Just because the Legislature has been in town doesn’t mean they’re getting much done.

With the annual legislative session set to begin in early January, state lawmakers have spent four of the last seven weeks in Tallahassee for committee hearings, the first critical step in passing legislation and writing a state budget.

Yet in that time, more than a third of the 62 committees and subcommittees in the House and Senate have not considered any legislation.

Six have not met at all.

Among them are panels tasked with big jobs, like the House Appropriations Committee, responsible for the almost $80 billion state budget, and the Senate Judiciary Committee, which considers proposed laws about the courts, privacy and human rights, among other topics.

Such meetings are critical to the lawmaking process. Bills cannot be passed unless they have cleared at least one committee. Often, they face votes in as many as four committees in both the House and the Senate.

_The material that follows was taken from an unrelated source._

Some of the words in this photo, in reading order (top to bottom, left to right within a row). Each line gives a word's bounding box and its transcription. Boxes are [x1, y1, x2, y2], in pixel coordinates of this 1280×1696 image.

No committee meetings means no votes, which could mean fewer proposals on the House and Senate floor in the upcoming session.

Instead, the Legislature has spent its time on other tasks. The first committee week in September was dominated by the election of Rep. Richard Corcoran, R-Land O’Lakes, as the next speaker of the House. The last three weeks, both chambers focused on what turned into a failed attempt to remake state Senate districts.

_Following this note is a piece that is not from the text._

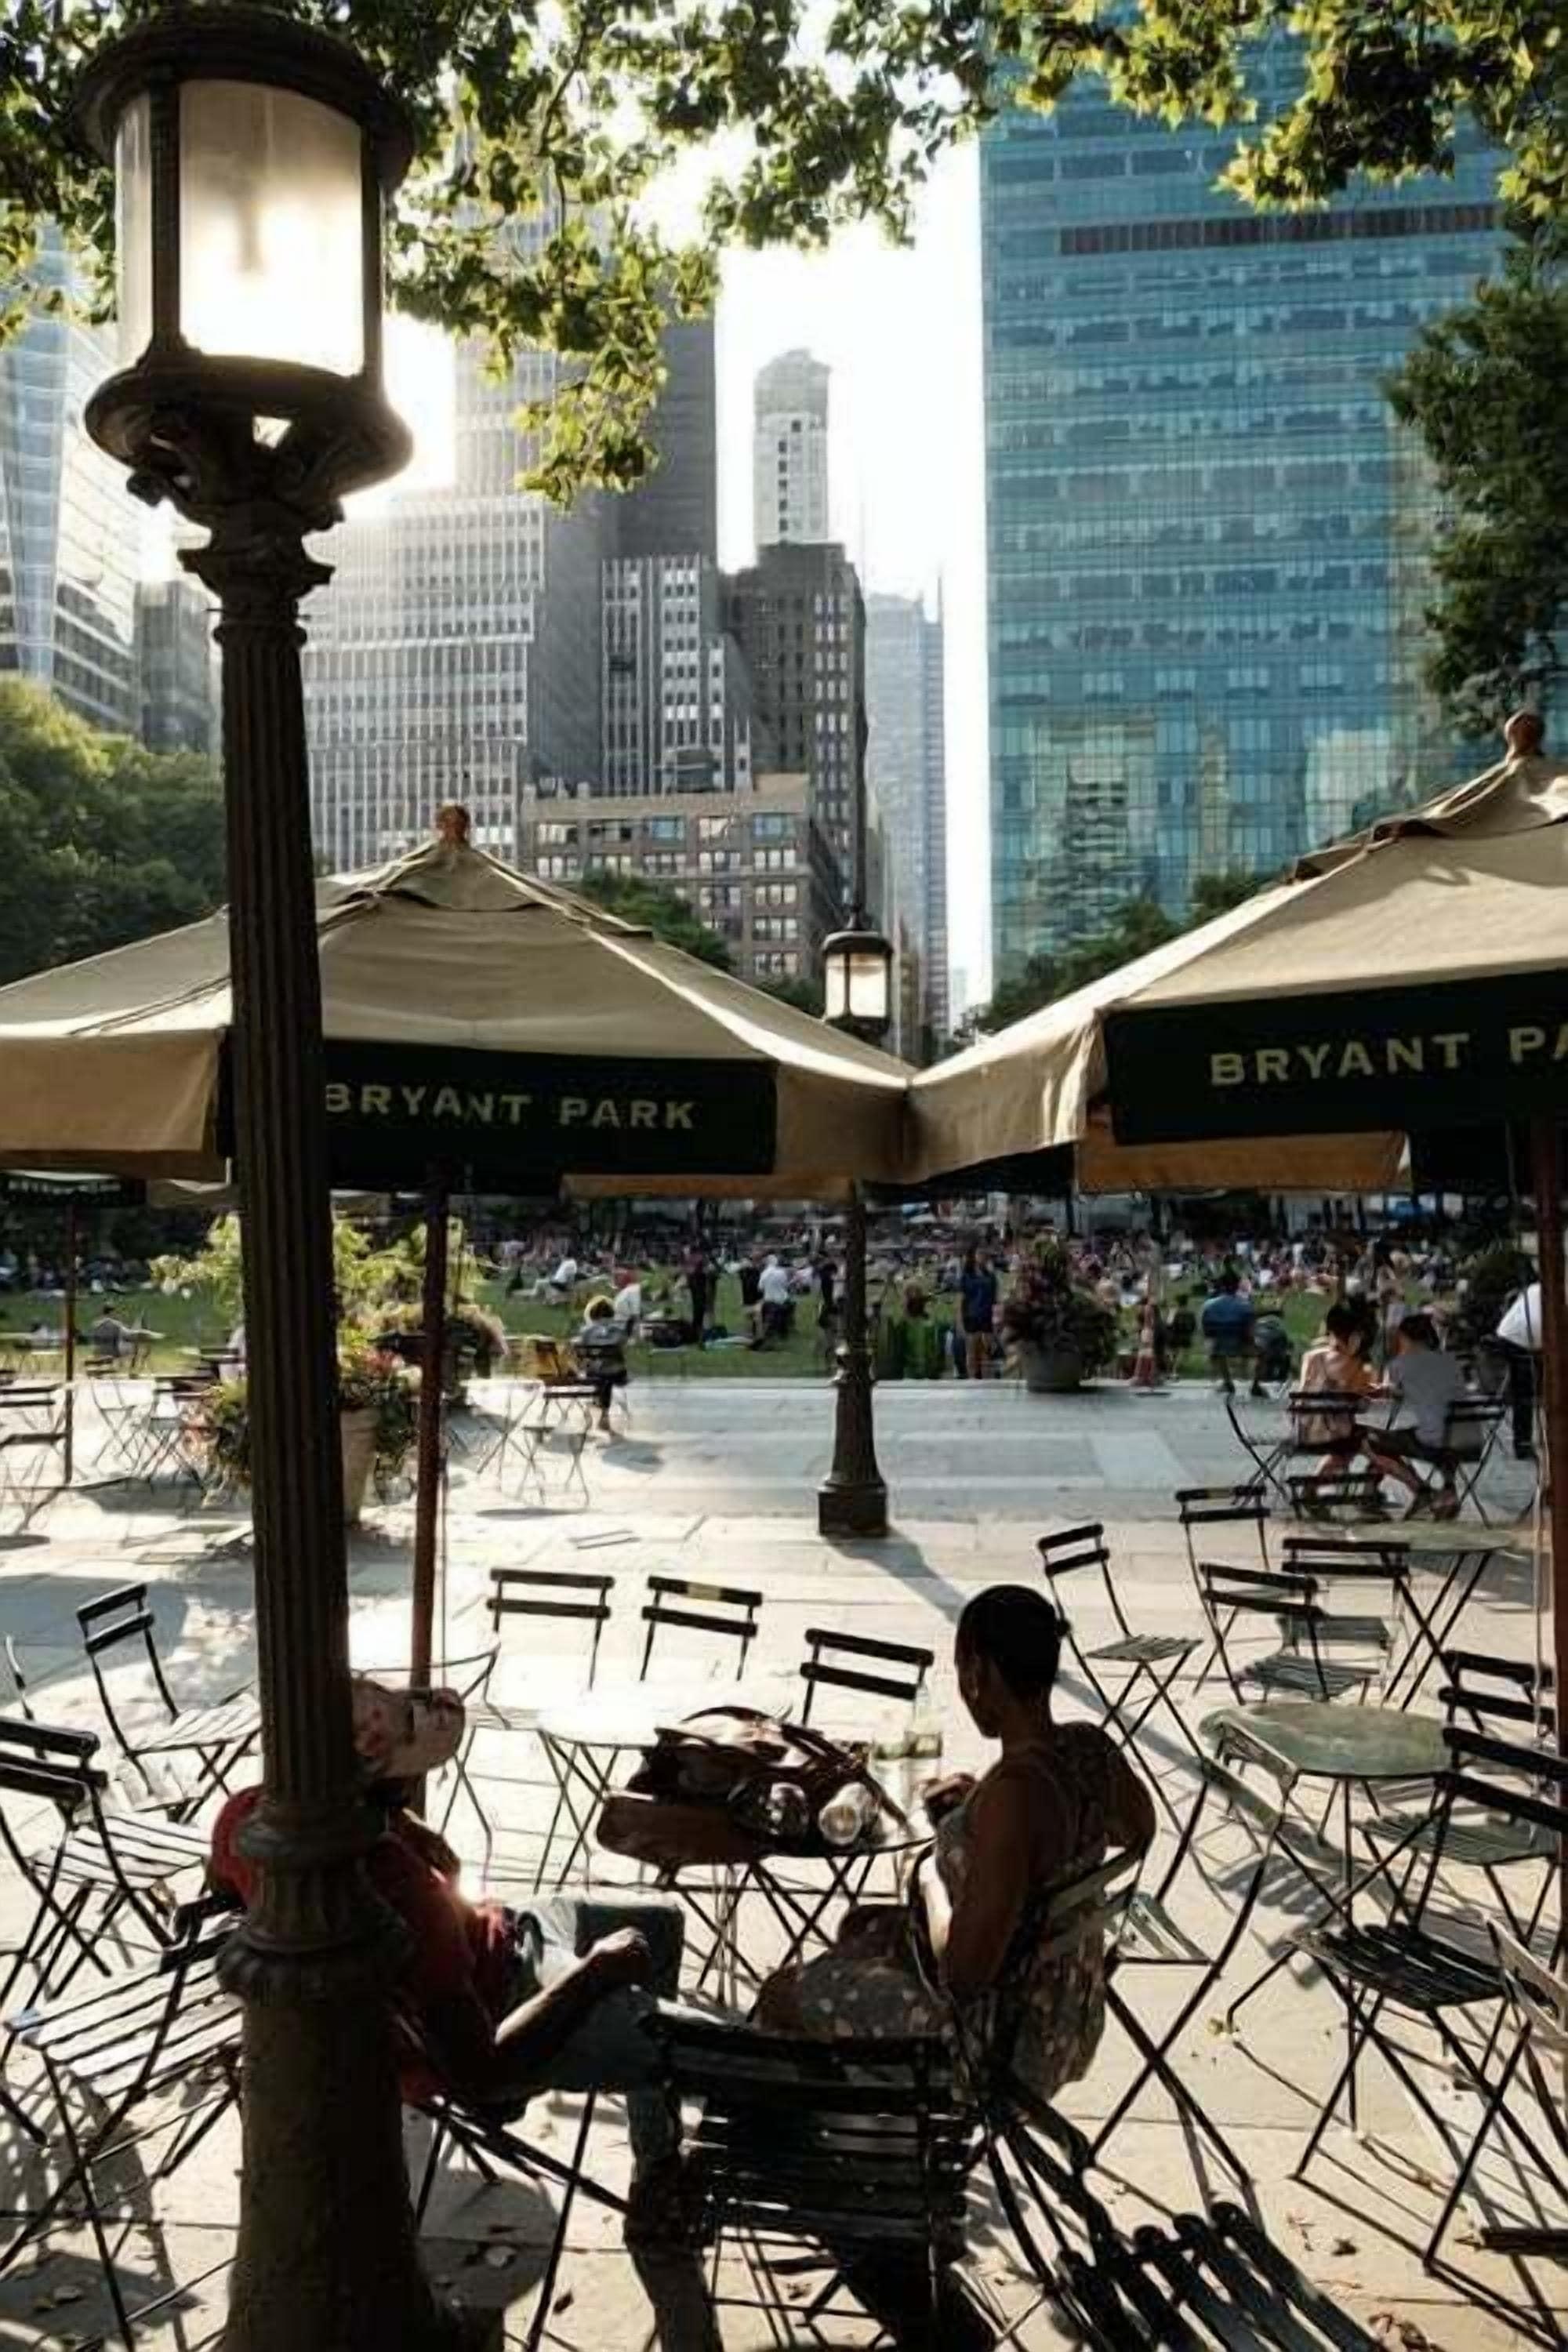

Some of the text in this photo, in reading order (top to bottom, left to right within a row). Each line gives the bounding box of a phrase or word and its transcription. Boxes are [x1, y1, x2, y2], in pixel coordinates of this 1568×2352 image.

“It’s really weird,” said Rep. Mia Jones, D-Jacksonville. “I literally have not voted on a bill since I’ve been in committees.”

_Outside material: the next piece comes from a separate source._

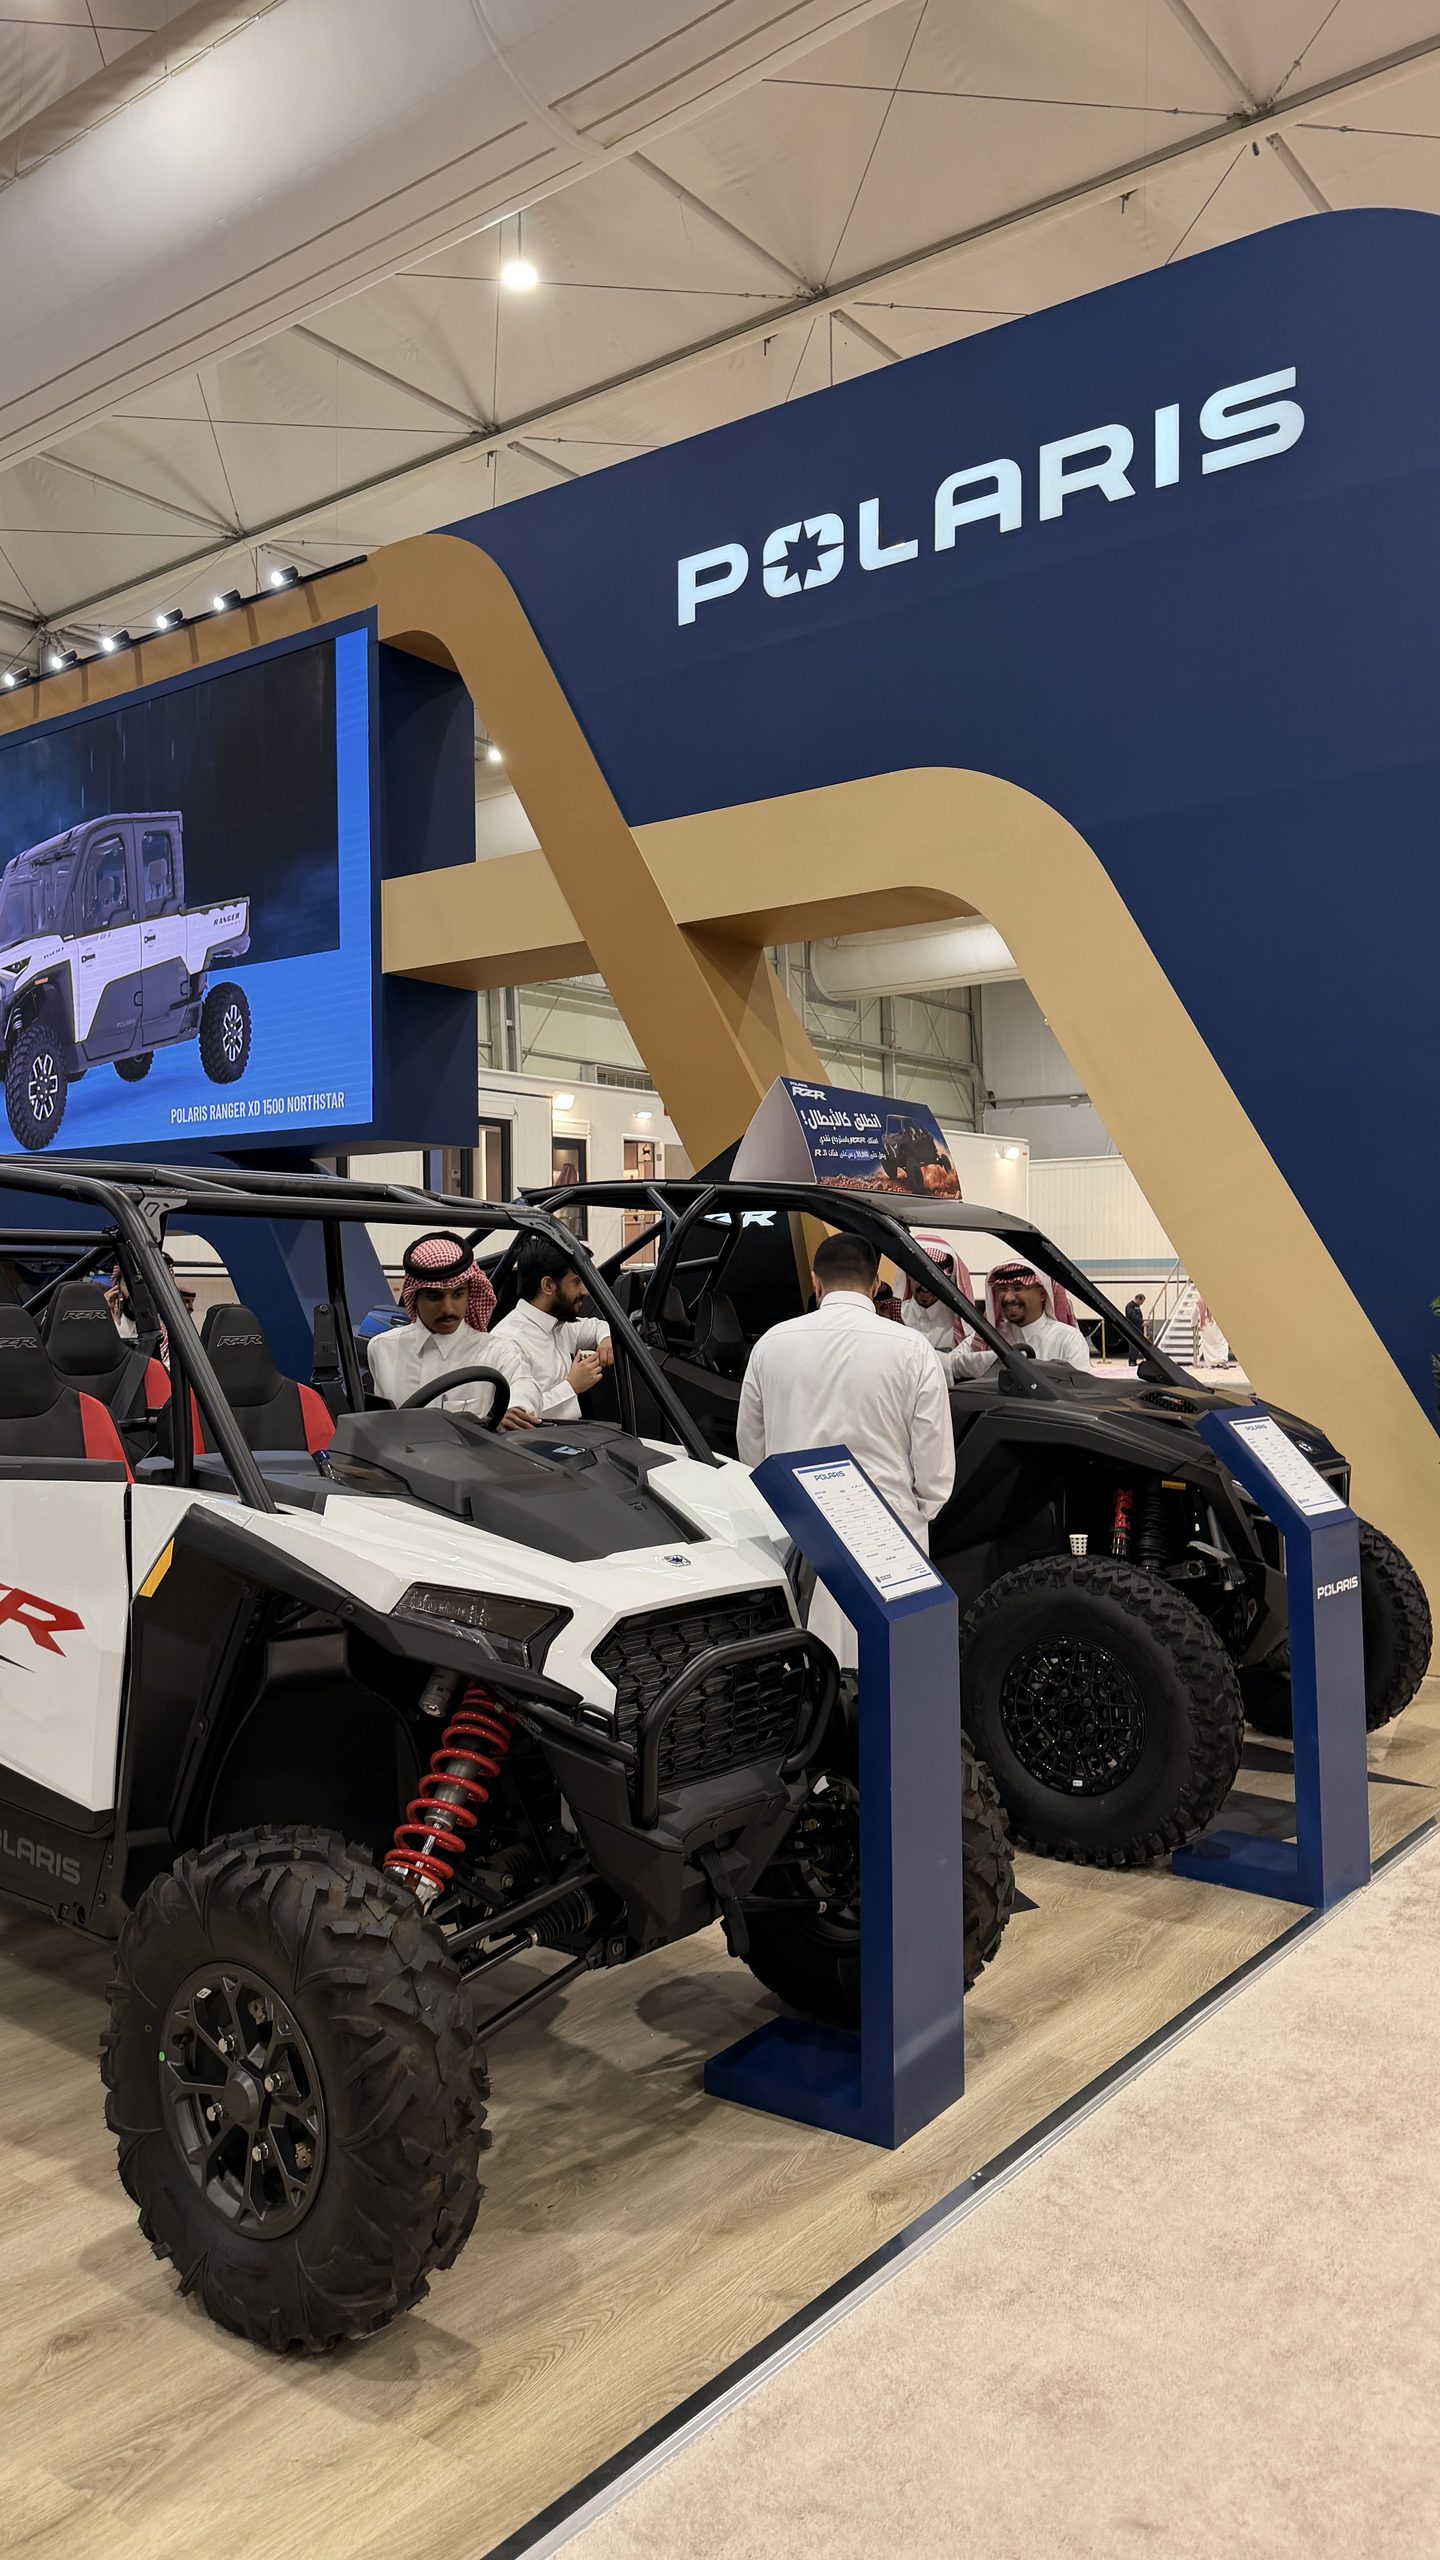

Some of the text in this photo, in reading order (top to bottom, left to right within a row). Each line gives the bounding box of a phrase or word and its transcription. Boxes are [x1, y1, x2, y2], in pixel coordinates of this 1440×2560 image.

In a typical year, it might be normal for so few decisions to be made before Thanksgiving.

But this isn’t a typical year. Lawmakers will meet for their annual 60-day session beginning Jan. 12, nearly two months earlier than usual. And this falls on the heels of a largely unproductive session last spring, which shut down unexpectedly and killed bills that might otherwise have passed after a stalemate over healthcare funding led the House to adjourn four days before the Senate.

The accelerated calendar and the approaching holidays mean lawmakers are running out of time to craft bigger bills. Rep. Matt Hudson, R-Naples, said as much this week to his Health Care Appropriations Subcommittee, which funds Medicaid, coverage for low-income children and mental health in the state.

“If you’re thinking about doing a deeper dive … now is the time to do it,” he said. “This is kind of the crunch time for putting those things together.”

The chairmen of these committees, however, say they have not had a reason to meet, either because not enough legislation is awaiting their approval or because most of the bills they will likely debate came to their committees last session, as well, but did not pass.

“We typically wait until we have a good queue of matters, of bills referred to us so that we can have an efficient meeting,” Senate Judiciary Chairman Miguel Diaz de la Portilla, R-Miami, said. I’m not going to have a meeting with three or four bills.”

Plus, he said, the special session to redraw state Senate maps, which ended Friday, has consumed lawmakers’ attention. Some proposed boundaries for new districts would force lawmakers to compete against one another, particularly in Miami-Dade County, where Diaz de la Portilla and at least four other sitting Senators intend to seek reelection.

“This stuff is so time consuming,” he said. “Honestly, all I’ve been doing is looking at maps … I feel like a cartographer.”

Karen Woodall, a lobbyist and executive director of the Florida Center for Fiscal and Economic Policy, said she is not surprised the Legislature has put a focus on redistricting while so many policy and budget committees have not considered legislation. But, she said, there are other factors that contribute.

“Unfortunately, it is not common for critical issues to die when legislators are fighting with each other,” Woodall said in an email response to Herald/Times questions. “I think it’s a fair observation on it being a major election year, which often means they don’t address or finally pass controversial issues.”

There are a handful of exceptions, with some bills moving quickly through committees. Proposals to allow guns on college campuses, cut taxes and reform juvenile sentencing are among those that have started to make inroads.

House Democratic Leader Mark Pafford, D-West Palm Beach, says he’s become accustomed to the weeks set aside for committee hearings being slow during his seven years in office.

“It’s been getting worse year after year, session after session,” Pafford said. “I think the process has deteriorated to the point where not a whole lot of work gets done during committee weeks.”

To some, passing fewer bills isn’t necessarily a bad thing.

House Health and Human Services Chairman Jason Brodeur, R-Sanford, says conservatives should be happy. Because lawmakers will only be in Tallahassee for two more weeks before session starts, fewer bills will likely make it out of committee.

“Many years, we’ll have a ton of bills filed,” Brodeur said. “They’re all nice, but which ones to we really need to have become law?”